WORK INSTRUCTIONS
Without including any pictures, write out all the entries exactly.

START INFORMATION GIVEN

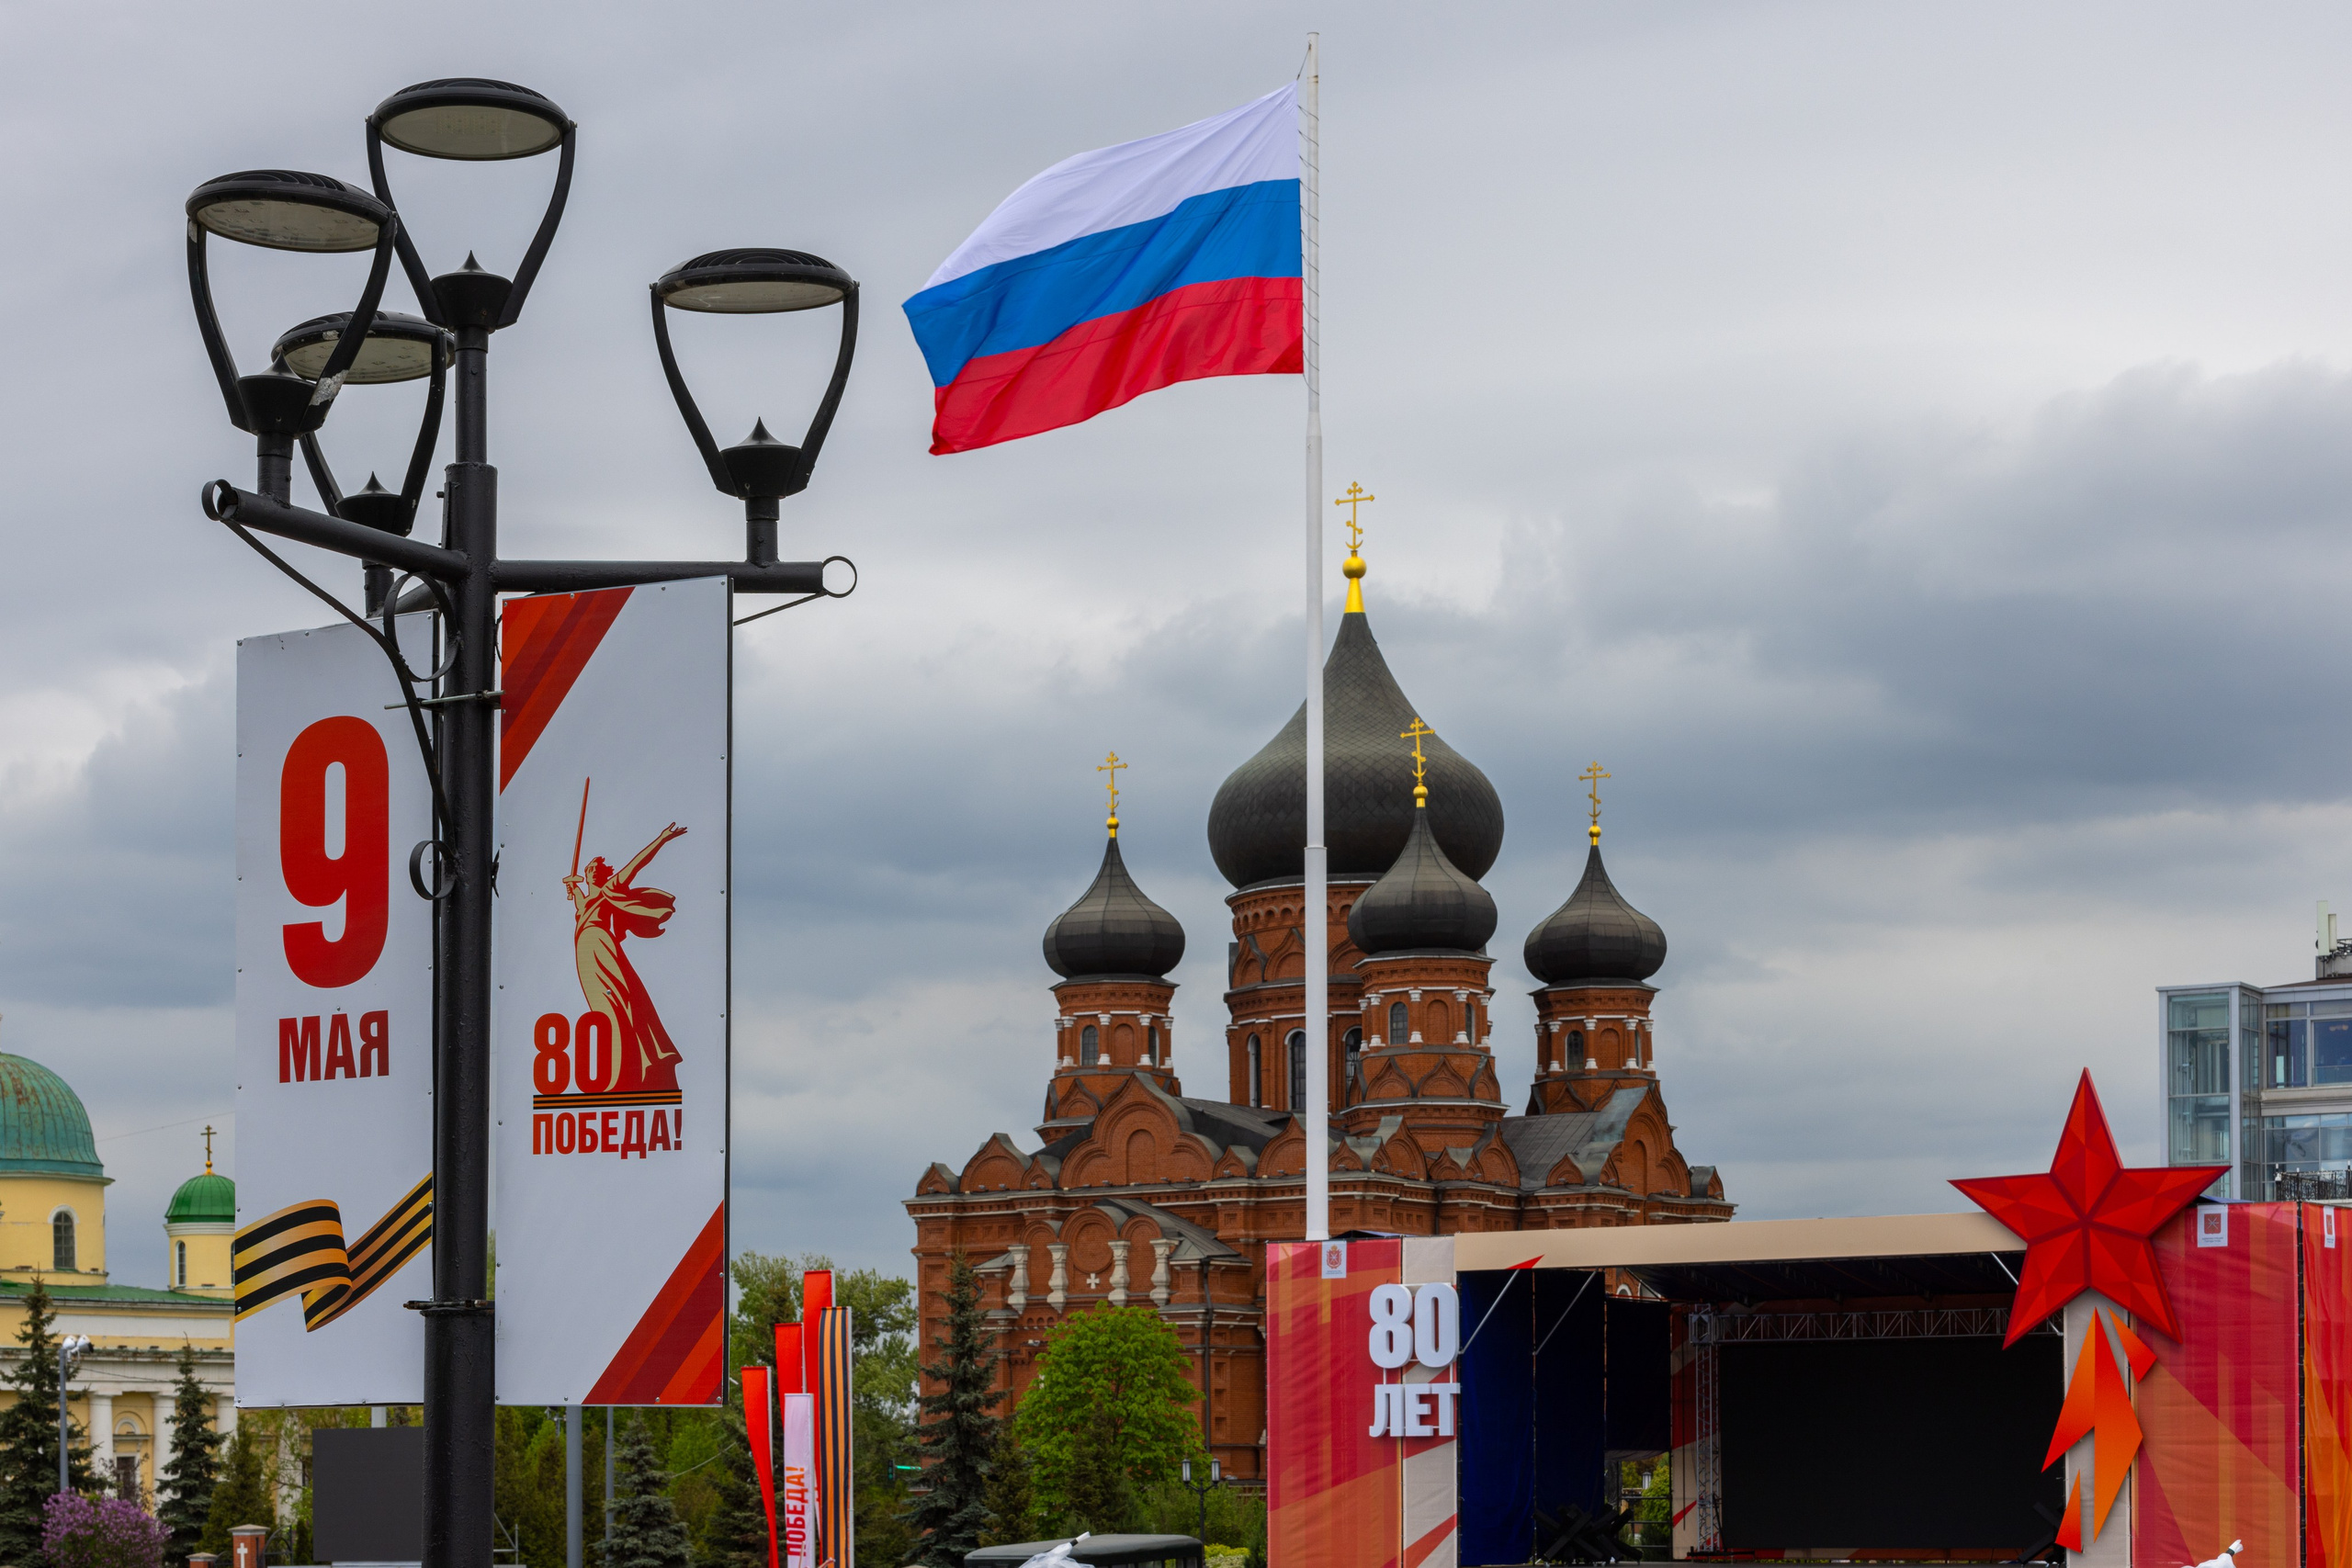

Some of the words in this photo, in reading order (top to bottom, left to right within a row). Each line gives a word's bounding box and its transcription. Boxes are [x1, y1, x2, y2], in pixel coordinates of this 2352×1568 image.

[280, 716, 389, 988] 9
[279, 1010, 390, 1083] МАЯ
[533, 1011, 613, 1095] 80
[533, 1109, 683, 1159] ПОБЕДА!
[1369, 1282, 1460, 1369] 80
[1369, 1382, 1461, 1438] ЛЕТ
[785, 1466, 808, 1557] ПОБЕДА!

END INFORMATION GIVEN

EXERCISE RESULT
Some of the words in this photo, in reading order (top to bottom, left to right within a row). Each line gives a word's bounding box and its transcription. Boxes are [x1, y1, x2, y2], in pixel coordinates of this 2352×1568 image.

[280, 716, 389, 988] 9
[279, 1010, 390, 1083] МАЯ
[533, 1011, 613, 1095] 80
[533, 1109, 683, 1159] ПОБЕДА!
[1369, 1282, 1460, 1369] 80
[1369, 1382, 1461, 1438] ЛЕТ
[785, 1466, 808, 1557] ПОБЕДА!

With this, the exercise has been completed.